With BU’s 2015-16 season coming to an end last weekend at the hands of the Denver Pioneers, it’s time to look forward to what is to come next season for David Quinn and the Terriers.
The graduating class of 2016 is not a huge class for the Terriers, with only six players departing. However, the names that are leaving are big ones. Three of the teams four top scorers (Danny O’Regan, Ahti Oksanen, and Matt Lane), the team’s best defenseman (Matt Grzelcyk), and starting goalie (Sean Maguire) will be walking across the podium in May. Thankfully, the Terriers have a lot to look forward to in the freshman class that David Quinn is bringing to Commonwealth Avenue in September 2016 to replace them.
There are currently nine freshmen expected to join the team next year, and you can expect to hear a number of their names called very early on at the 2016 NHL Draft in June. Four of them have a very real chance to be selected in the first round, which is unheard of even for a powerhouse team like BU. In addition, current freshman defenseman and Hockey East All-Rookie team member Charlie McAvoy will almost assuredly be selected in the first round as well. For some perspective, Bob McKenzie’s midterm rankings have eight current or future college hockey players in the top 30.
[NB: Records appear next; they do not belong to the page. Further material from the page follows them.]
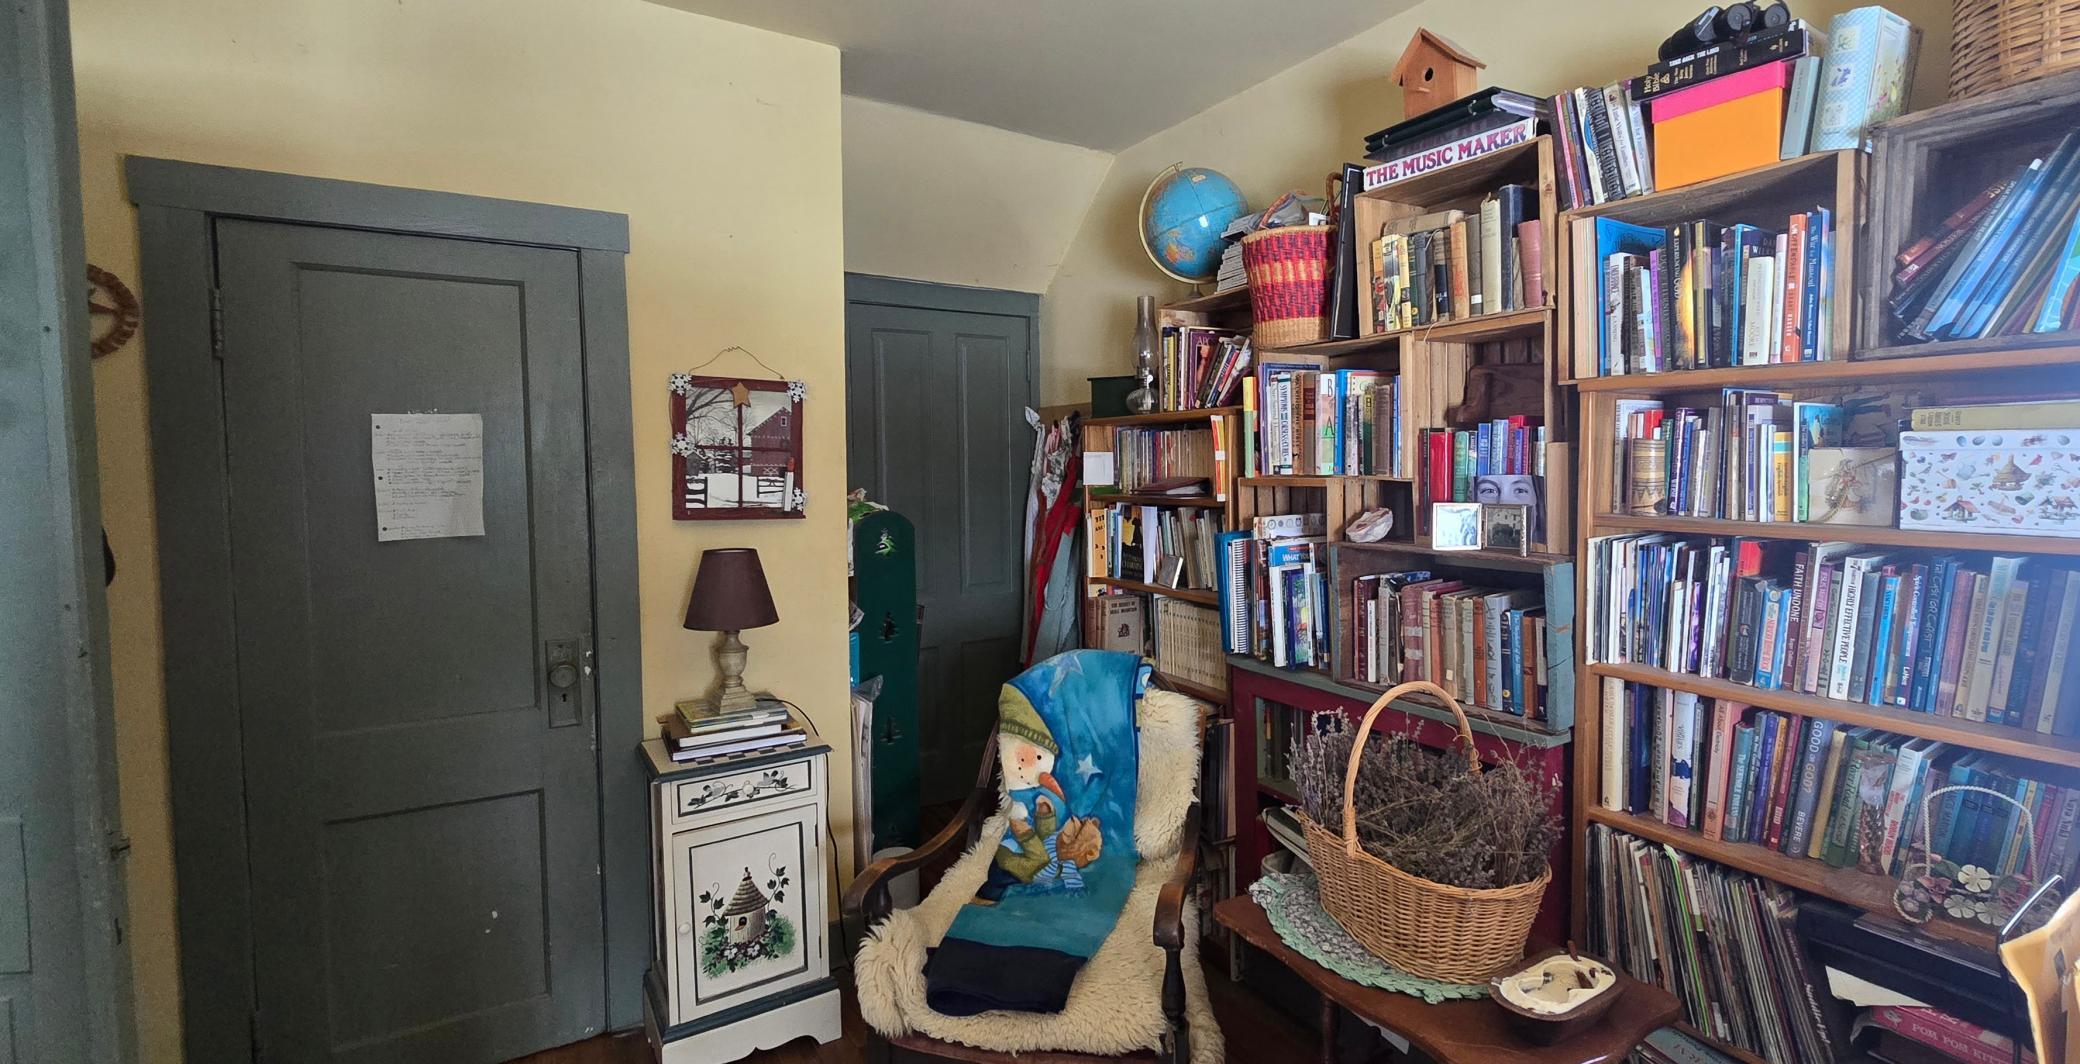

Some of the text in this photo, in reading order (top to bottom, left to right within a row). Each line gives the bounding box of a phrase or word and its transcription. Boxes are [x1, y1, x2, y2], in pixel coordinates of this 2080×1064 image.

[1643, 73, 1653, 94] Holy
[1652, 71, 1661, 93] Bible
[1366, 123, 1527, 187] THE MUSIC MAKER
[1810, 234, 1818, 248] War
[1611, 264, 1620, 293] ENDURANCE
[1808, 258, 1817, 288] Mansoul
[1673, 278, 1682, 299] GOD
[1280, 385, 1288, 412] SYMPTOMS
[1282, 553, 1299, 561] WHAT
[1793, 563, 1804, 587] FAITH
[1789, 588, 1802, 623] UNDONE
[1845, 585, 1857, 607] HIGHLY
[1929, 597, 1939, 613] FOR
[1841, 607, 1855, 640] EFFECTIVE
[1839, 640, 1850, 664] PEOPLE
[1716, 714, 1725, 731] About
[1714, 731, 1723, 754] Electricity
[1809, 720, 1824, 753] GOOD
[1737, 754, 1746, 763] The
[1802, 763, 1816, 793] GOD?
[1841, 759, 1862, 809] River Road
[1793, 811, 1806, 842] BEVERE
[1912, 1023, 1937, 1042] POM
[1943, 1034, 1968, 1053] POM
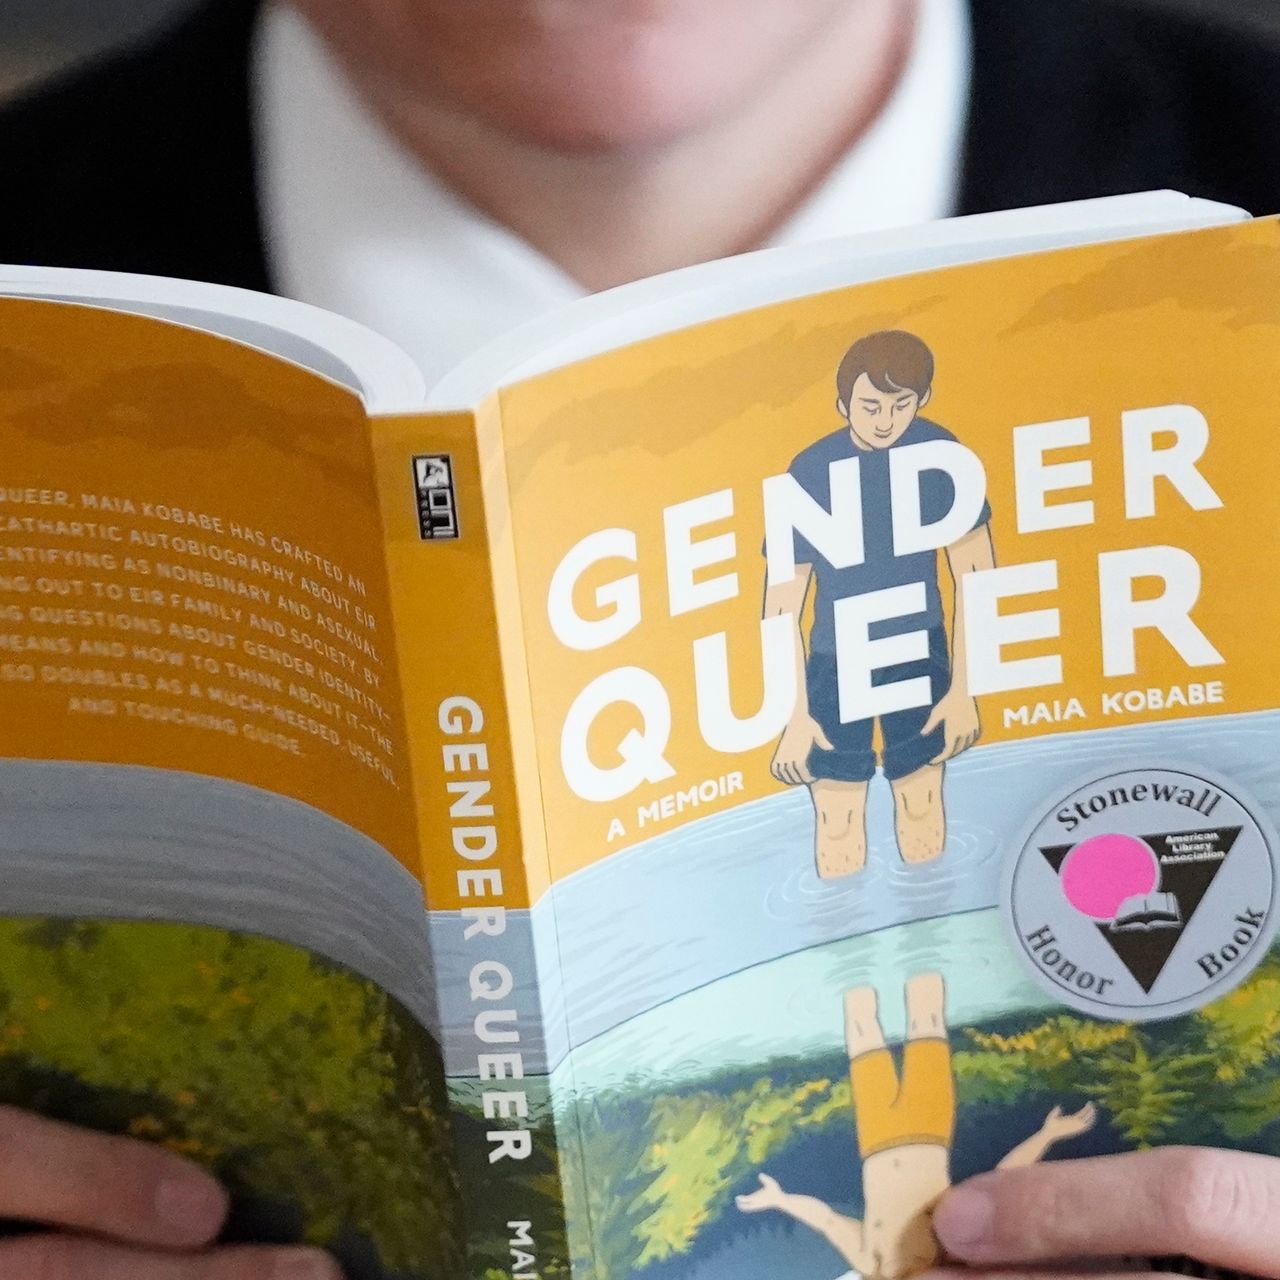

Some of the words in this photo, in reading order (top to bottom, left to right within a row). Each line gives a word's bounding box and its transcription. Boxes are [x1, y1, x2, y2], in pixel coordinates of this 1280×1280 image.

[81, 493, 135, 514] MAIA
[141, 502, 224, 534] KOBABE
[230, 522, 266, 547] HAS
[270, 535, 343, 582] CRAFTED
[347, 573, 366, 597] AN
[547, 403, 1224, 652] GENDER
[124, 557, 151, 576] AS
[155, 561, 271, 604] NONBINARY
[277, 595, 312, 621] AND
[130, 528, 295, 585] AUTOBIOGRAPHY
[300, 576, 352, 614] ABOUT
[354, 605, 376, 631] EIR
[29, 605, 162, 635] QUESTIONS
[169, 621, 237, 650] ABOUT
[243, 640, 316, 679] GENDER
[36, 576, 83, 596] OUT
[92, 581, 123, 600] TO
[129, 585, 165, 606] EIR
[170, 593, 242, 623] FAMILY
[249, 612, 286, 638] AND
[363, 667, 382, 689] BY
[132, 644, 183, 667] HOW
[192, 653, 220, 674] TO
[224, 661, 284, 692] THINK
[288, 683, 342, 721] ABOUT
[155, 675, 183, 695] AS
[190, 681, 201, 698] A
[559, 544, 1227, 802] QUEER
[1001, 699, 1086, 729] MAIA
[1101, 680, 1226, 718] KOBABE
[124, 701, 238, 736] TOUCHING
[438, 695, 507, 941] GENDER
[606, 818, 626, 842] A
[636, 771, 744, 829] MEMOIR
[1056, 783, 1222, 832] Stonewall
[1165, 832, 1219, 845] American
[1160, 851, 1225, 865] Association
[1172, 842, 1212, 854] Library
[1026, 924, 1114, 995] Honor
[1196, 906, 1265, 980] Book
[469, 961, 532, 1164] QUEER
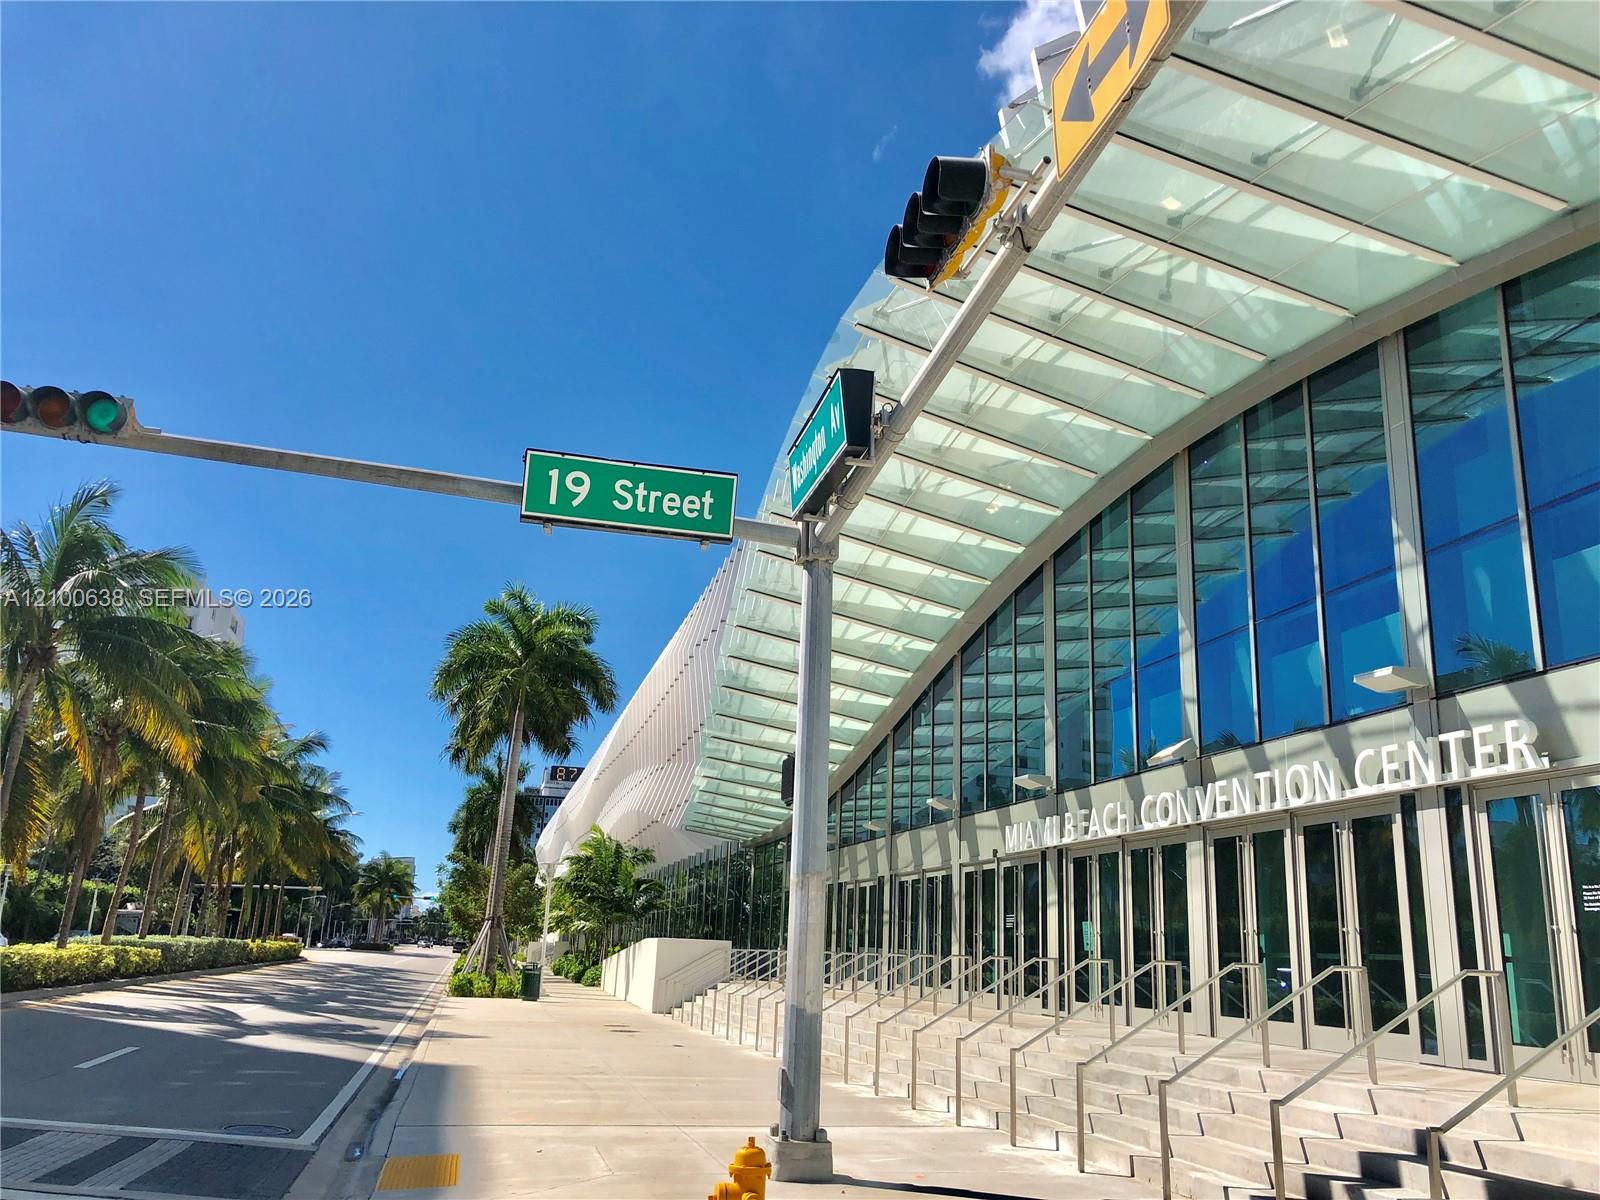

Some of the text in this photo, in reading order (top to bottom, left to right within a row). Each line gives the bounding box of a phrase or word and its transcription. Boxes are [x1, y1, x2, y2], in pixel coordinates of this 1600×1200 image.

[549, 468, 714, 520] 19 Street
[791, 402, 841, 494] Washington Av
[1004, 719, 1539, 852] MIAMI BEACH CONVENTION CENTER
That makes for potentially five BU commits/players selected in the first round of one draft. I don’t know for a fact, but I would have to imagine that would be a record. While they have all committed to the Terriers, actually getting them to campus in the fall can be another battle after they are drafted and NHL teams get in their ears. Thankfully, the Terriers have everything a player could want: an elite hockey team, a top-quality education, and the chance to live in Boston.
Of the top five recruits in all of the NCAA for 2016 according to College Hockey News, four are Terrier commits. Here’s what Terrier fans have to look forward to with each of them and their current draft rankings according to a number of different sources:
Clayton Keller, Center
Rankings: McKenzie (15th), ISS (14th), Button (8th), NHL CSS (8th NA)
Keller is a dynamic offensive talent at the most important forward position. If Keller was a few inches taller (he’s 5’10”), we would be talking about him as a lottery pick. He’s an extremely shifty skater that processes the game quickly, and can really thread the needle with pinpoint passes to teammates. Equally adept at scoring and passing, Keller is an all-around threat whenever he is out on the ice. Playing for the USNTDP U18 team this year, he has racked up 120 points in 72 games, by far the most on the team.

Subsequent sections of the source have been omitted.